On pourrait être tenté de répondre que la simple présence de l’oint de Dieu, du Messie, du Christ suffit à manifester la gloire divine et à initier un mouvement universel. Si on ressent cette absence du Messie au moment même où Dieu se fait chait, c’est qu’un court instant Dieu est en-dessous des anges. C’est l’abaissement de Dieu. Dieu n’est plus abstrait, une métaphore, une évocation de la transcendance, la Divinité, fût-elle écrite avec un D majuscule. Dieu se fait chair, il vient habiter notre monde; il apparaît avec un jeune enfant dont la vie est menacée, persécuté, plus tout à fait impuissant que le nouveau-né de Luc, mais toujours totalement dépendant de la bienveillance de son environnement – et malheureusement aussi livré à la haine des hommes, traqué dès avant avant sa naissance par le roi de son pays.

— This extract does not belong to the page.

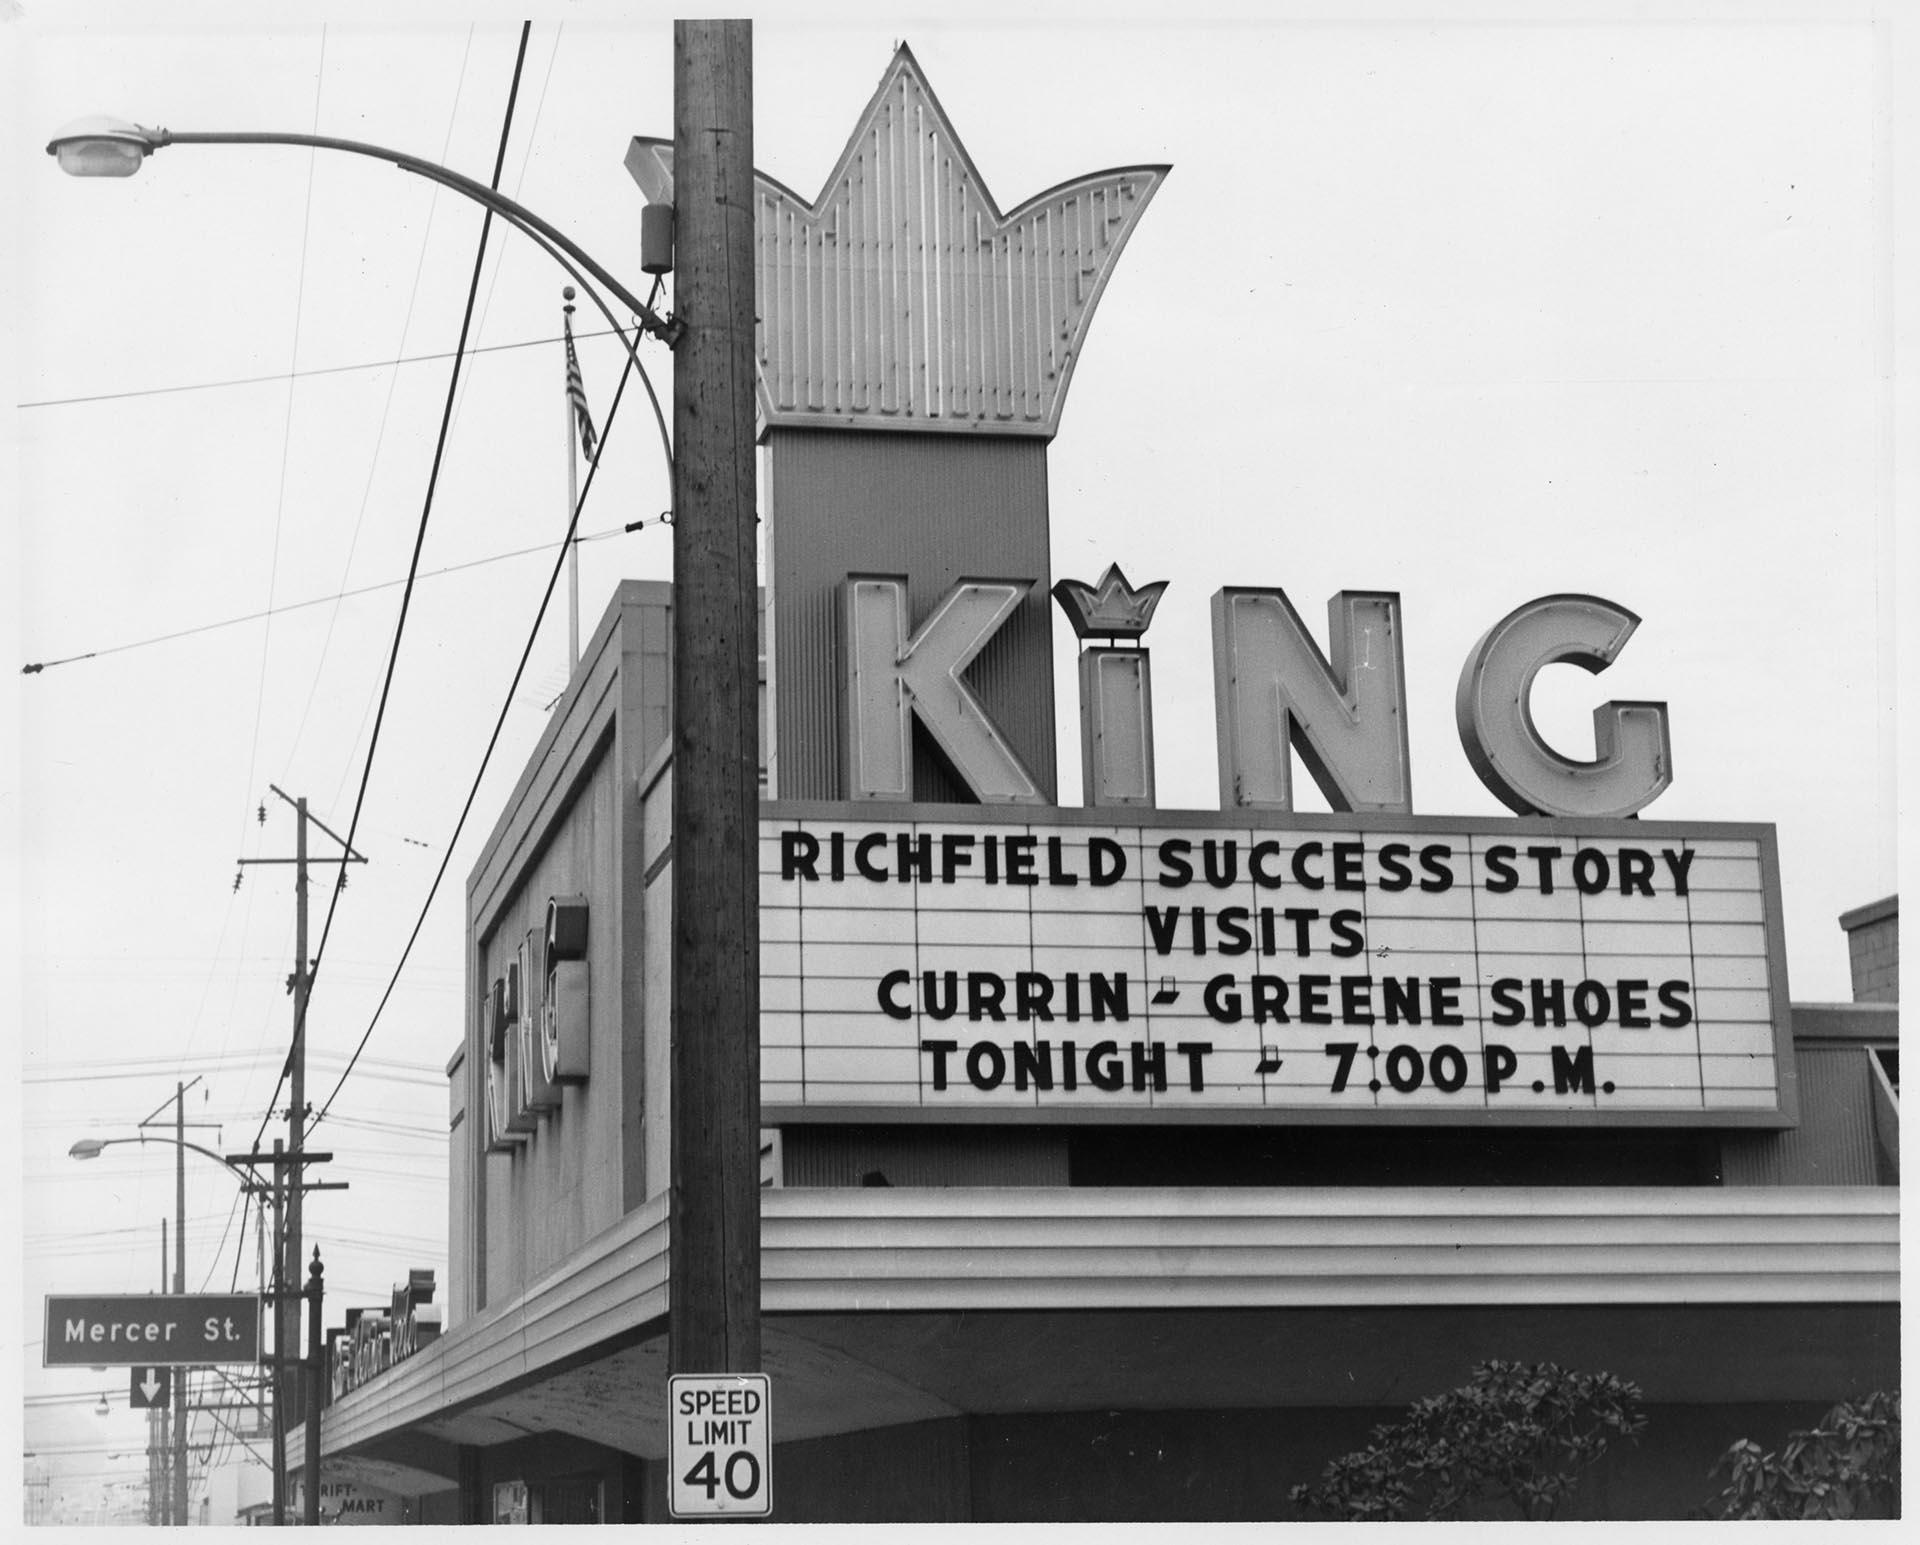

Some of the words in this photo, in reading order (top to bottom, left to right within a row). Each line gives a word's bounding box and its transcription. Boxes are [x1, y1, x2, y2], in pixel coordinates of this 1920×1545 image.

Ce nouveau-né annonce une humanité nouvelle, réconciliant Juif et païen, l’humain et Dieu en un seul corps, et dont Paul dit juste avant notre texte de ce jour qu’au « moyen de la croix : là, il a tué la haine. » (Ep 2,16), une humanité nous l’avons dit plus haut qui n’a plus le soleil pour lumière et la lune pour éclairage, mais l’Éternel (Es 60,19). On peut penser à d’autres épiphanies de l’Ancien Testament : au Sinaï (Ex 24,16-17), lorsque Dieu conclut son alliance avec Israël, son kavod se manifeste sous après la construction du Tabernacle, le kavod de Dieu remplit le sanctuaire sous la forme d’un nuage. Moïse lui-même ne peut entrer à cause de la puissance de cette manifestation. Citons encore peut-être És 6, où le prophète la gloire de Dieu, entouré de séraphins proclamant sa sainteté. Les épiphanies, dans ces textes, est davantage une révélation de Dieu qu’une manifestation de l’action messianique directe. La présence de Dieu conduit à deux réactions : elle laisse interdit, paralysé, comme c’est le cas pour le prophète en Es 6. Et/ou elle met en mouvement… Peuples, chameaux, îles, mages. Elle mène à elle comme en Es 60 et Mt 2, et/ou elle fait repartir par un autre chemin comme en Mt 2. Ce n’est pas pour rien que nous recourrons souvent à ce verset des Nb (Nb 6,24-26) qui demande à Dieu qu’il tourne sa face vers nous lors de la bénédiction qui suit l’envoi, cette face que nous pouvons imaginer que rayonnante et qui nous renvoie vers le monde après la halte d’un moment que représente le culte.
Dieu qui vient vers nous.
Nous qui allons au-devant de Dieu.
« Grâce à l’Église » (Ep 310) dit l’auteur d’Éphésiens, comprenons l’Église comme corps du Christ, ou ici encore plus précisément manifestation du rassemblement de tous les peuples, « Grâce à l’Église », nous n’avons plus à être paralysés par la présence de Dieu : « En Christ, nous avons par la foi en lui, la liberté de nous approcher en toute confiance. » (Ep 3,12). Nous sommes déjà après, dans ce temps de la fin des temps. Nous recevons l’encouragement de ne pas nous laisser abattre par les détresses endurées, que ce soit pour les Éphésiens les détresses endurées par Paul pour eux ; pour nous aujourd’hui, par les détresses dont nous sommes témoins ou que nous endurons. La bonne nouvelle c’est que par cette révélation du mystère pour reprendre le vocabulaire de Paul, nous ne sommes plus paralysés par Dieu ou fâché avec lui et que ce Dieu ne nous garde pas figés mais nous renvoie dans le monde éclairé de sa lumière pour voir non plus un monde sombre, mais un monde sous sa lumière.
[1] Élian CUVILLIER, « L’Épître aux Éphésiens », in Daniel MARGUÉRAT, Introduction au Nouveau Testament, Son histoire, son écriture, sa théologie, 20084, Labor et Fides, Genève, p. 88.
[2] Andreas DETTWILER, « L’Épître aux Éphésiens », in Daniel MARGUÉRAT, Introduction au Nouveau Testament, op. cit., p. 308.
[3] Theological Dictionary of the New Testament, art. « παρουσία ».